--- TASK INPUT ---

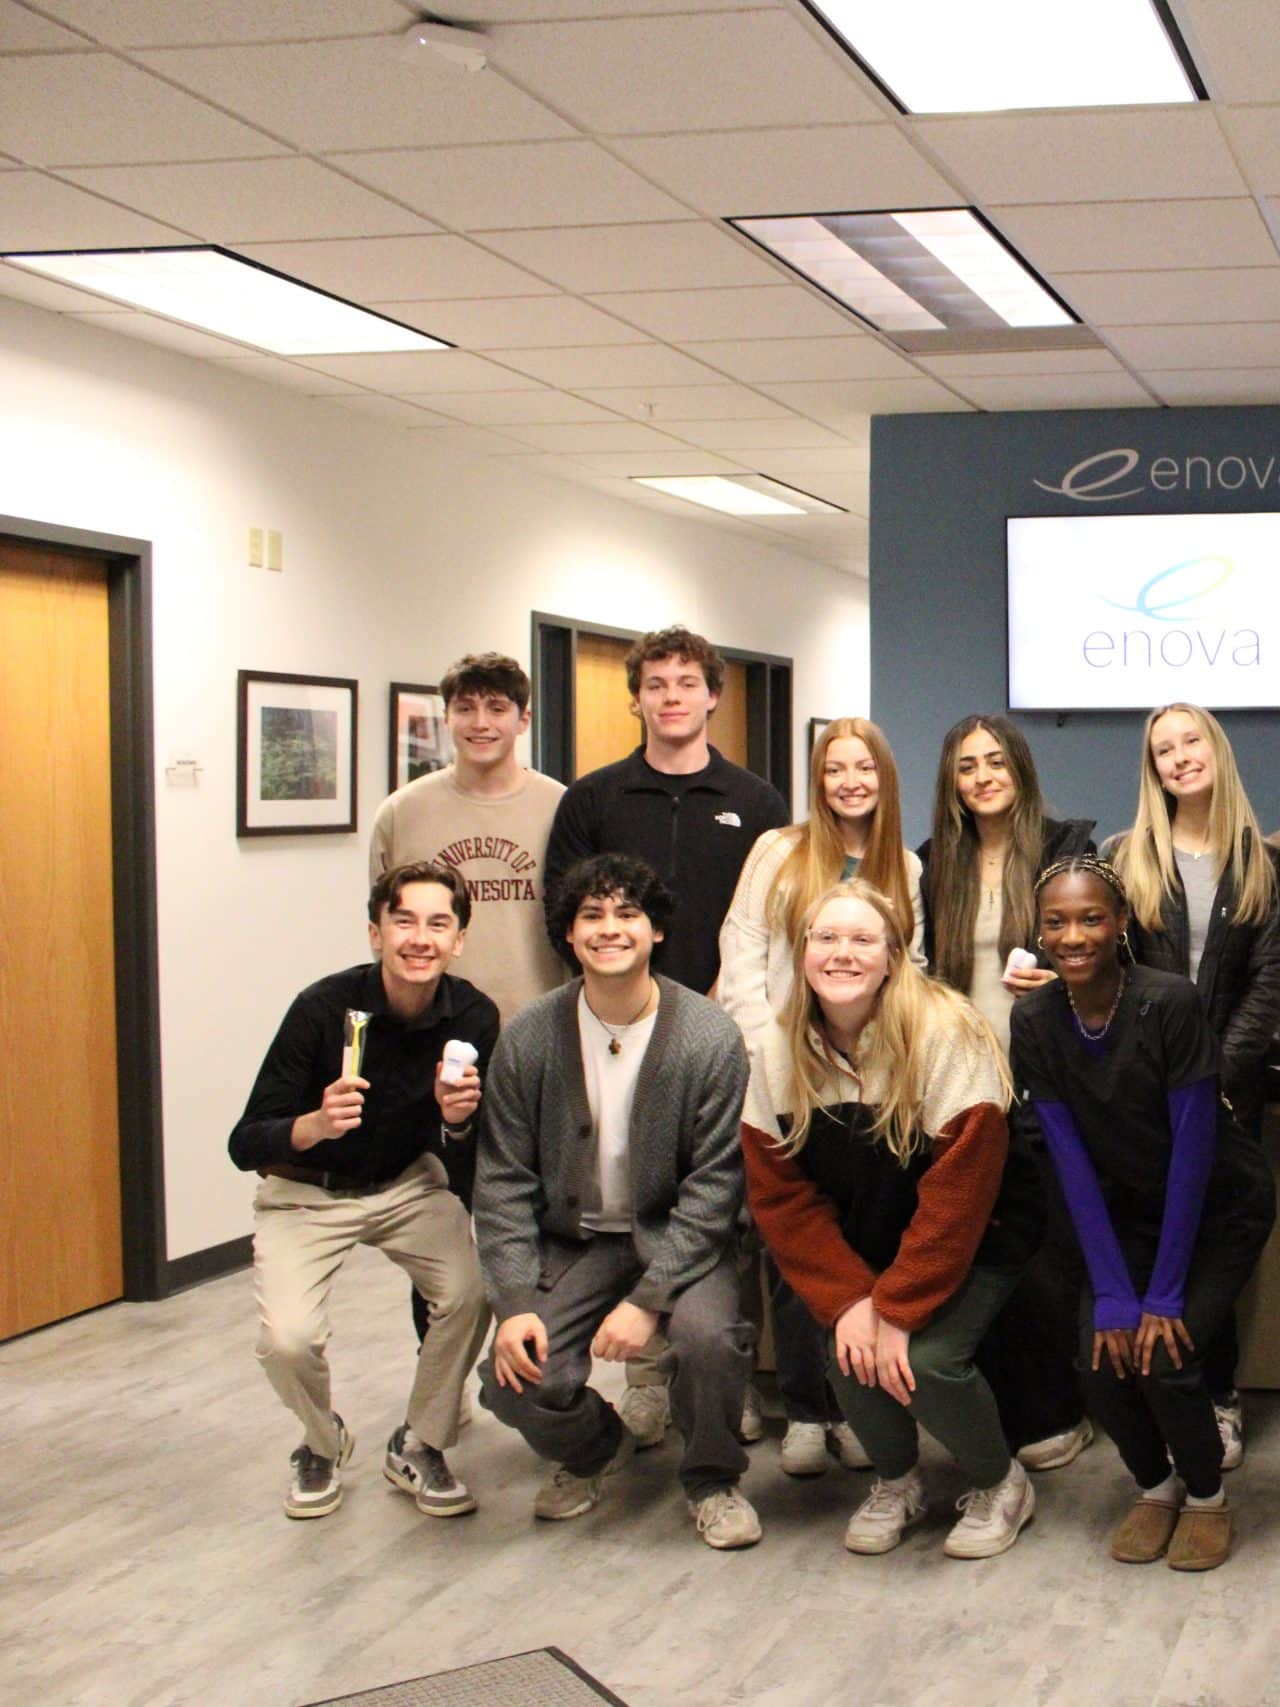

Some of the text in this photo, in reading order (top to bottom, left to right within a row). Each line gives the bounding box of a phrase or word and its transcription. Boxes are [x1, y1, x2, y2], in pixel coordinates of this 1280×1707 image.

[1083, 628, 1260, 668] enova
[432, 837, 537, 873] NIVERSITY OF
[465, 879, 536, 901] NESOTA
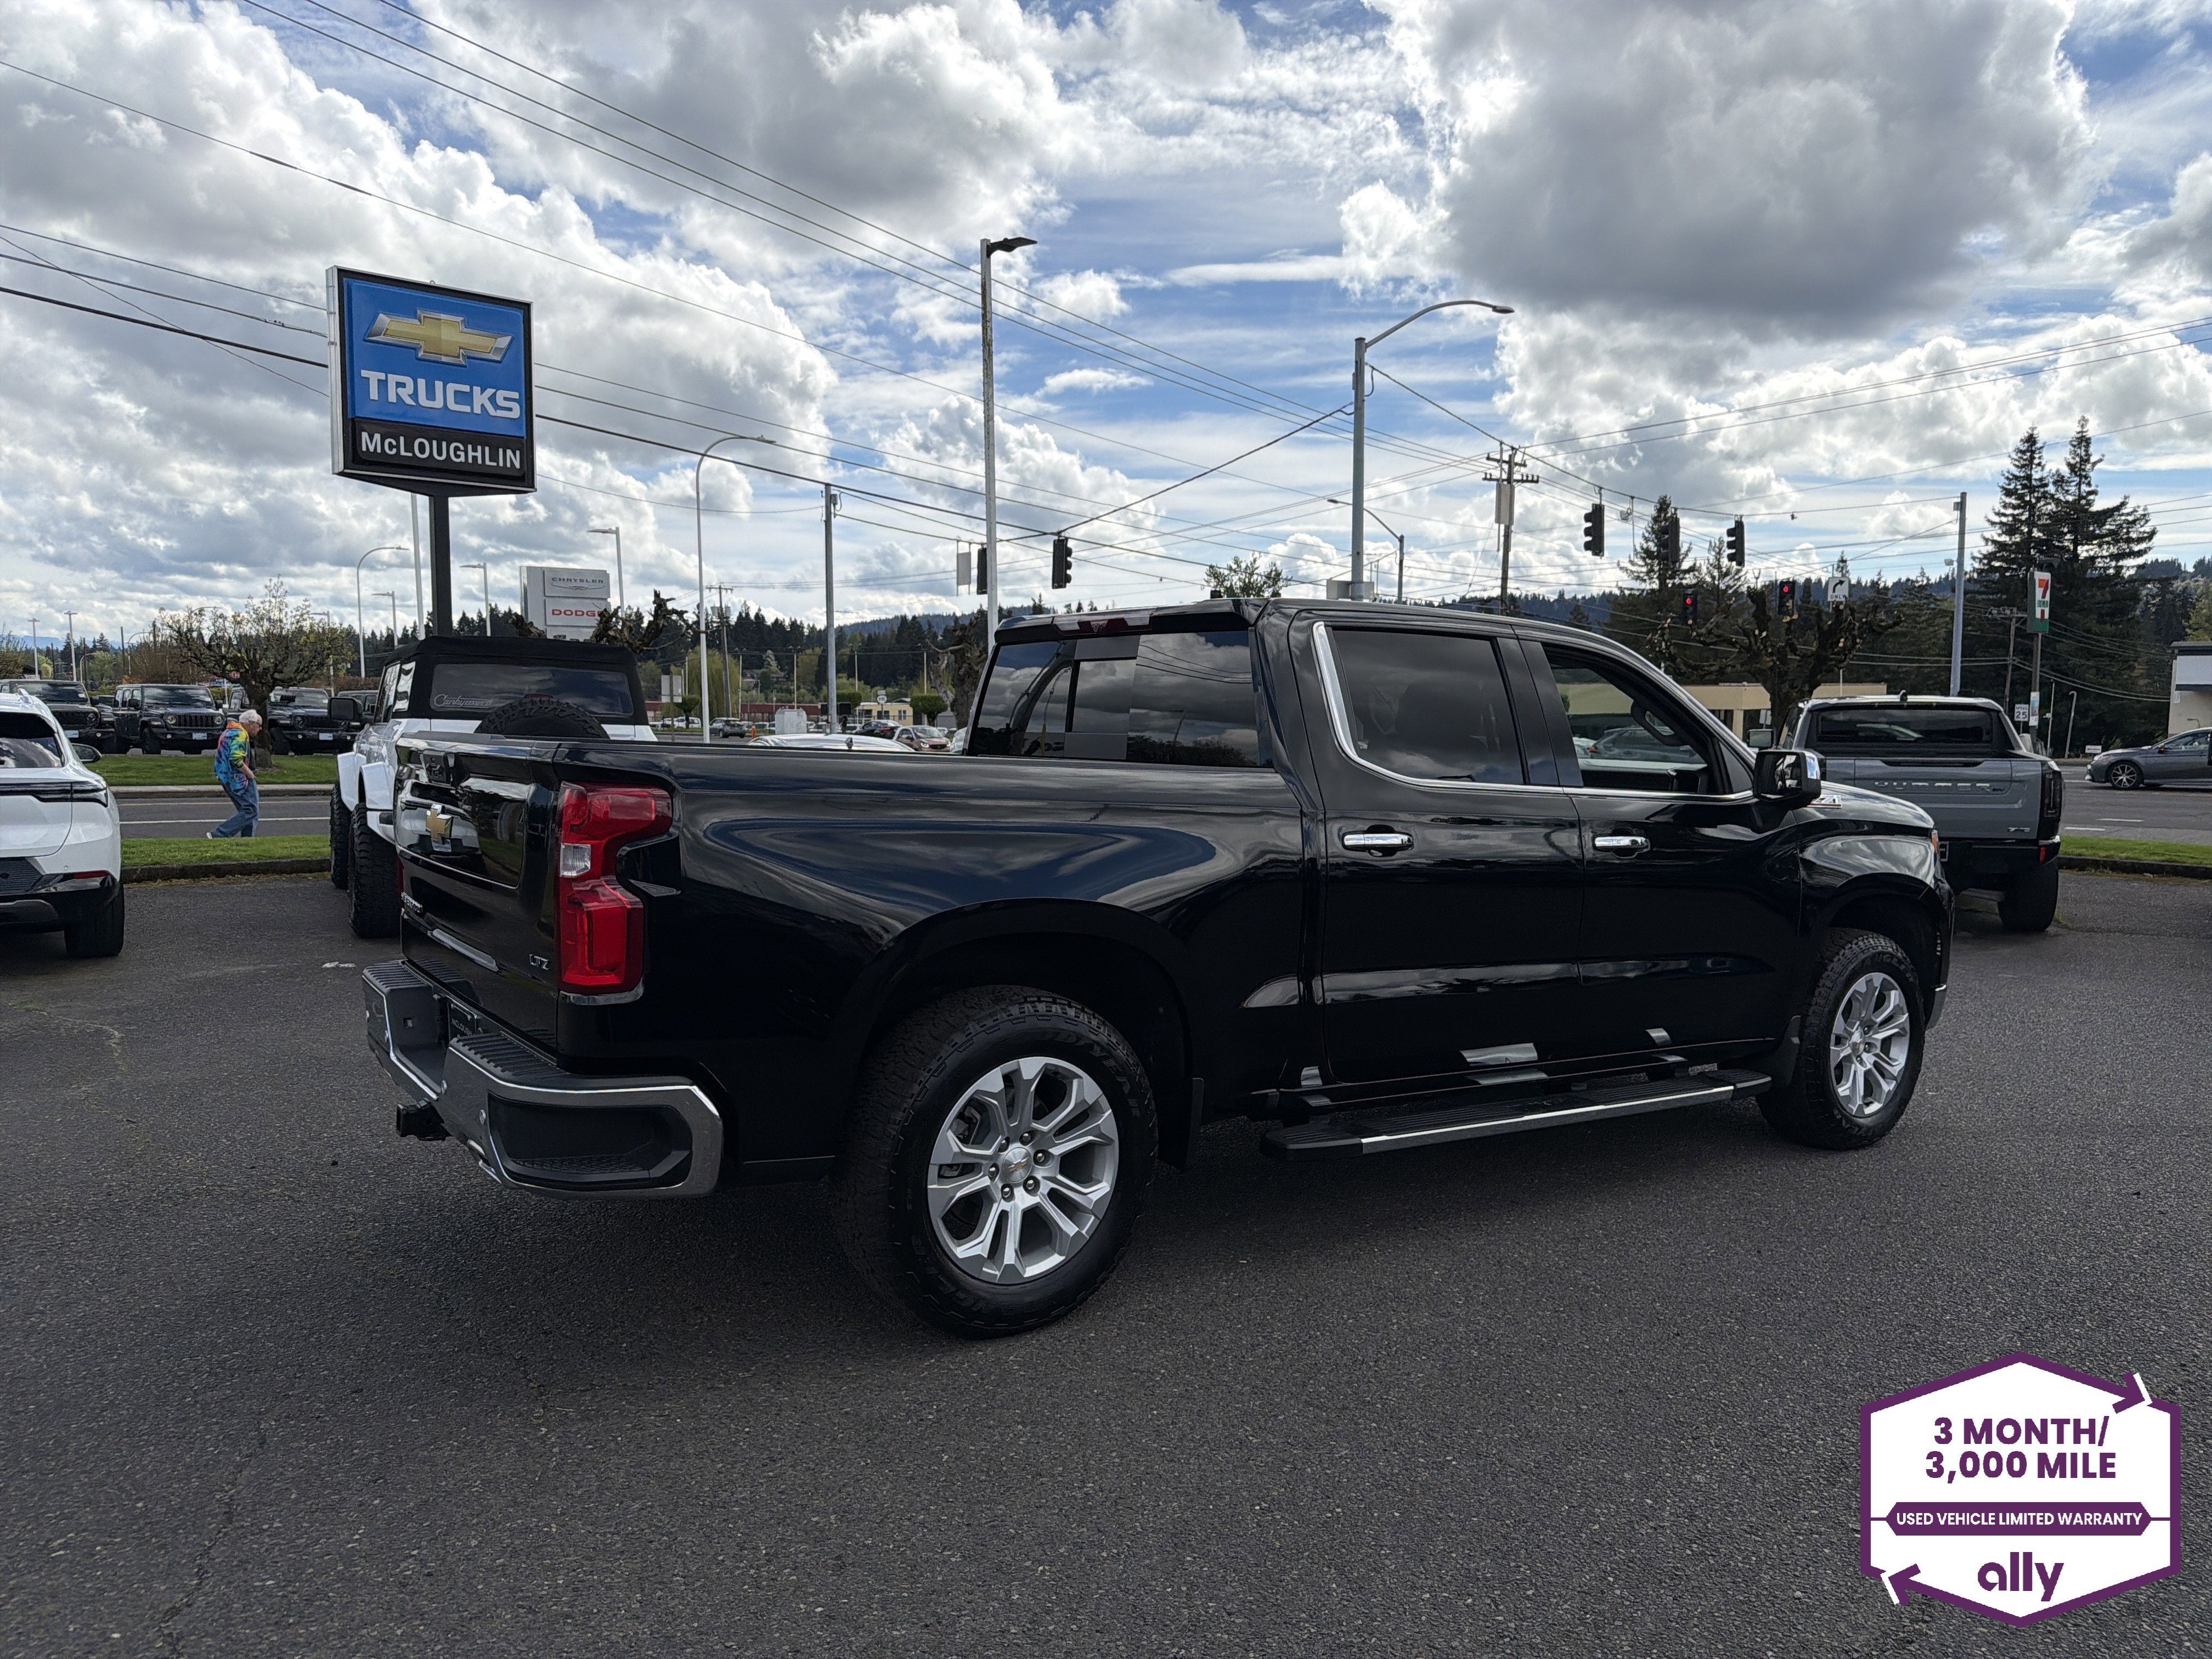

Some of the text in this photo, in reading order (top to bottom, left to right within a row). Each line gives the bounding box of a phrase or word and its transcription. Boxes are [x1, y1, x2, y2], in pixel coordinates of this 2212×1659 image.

---

* [EXERCISE REQUIREMENTS]
All the data above is to be transcribed exactly, with no pictures included.

* [ANSWER FOR THIS EXERCISE]
Some of the text in this photo, in reading order (top to bottom, left to right within a row). Each line gives the bounding box of a phrase or word and its transcription. Boxes are [x1, y1, x2, y2], in pixel coordinates of this 1280×1707 image.

[1083, 628, 1260, 668] enova
[432, 837, 537, 873] NIVERSITY OF
[465, 879, 536, 901] NESOTA

Some of the text in this photo, in reading order (top to bottom, left to right within a row). Each line gives the bounding box of a phrase or word and its transcription. Boxes are [x1, y1, x2, y2], in pixel coordinates of this 2212×1659 image.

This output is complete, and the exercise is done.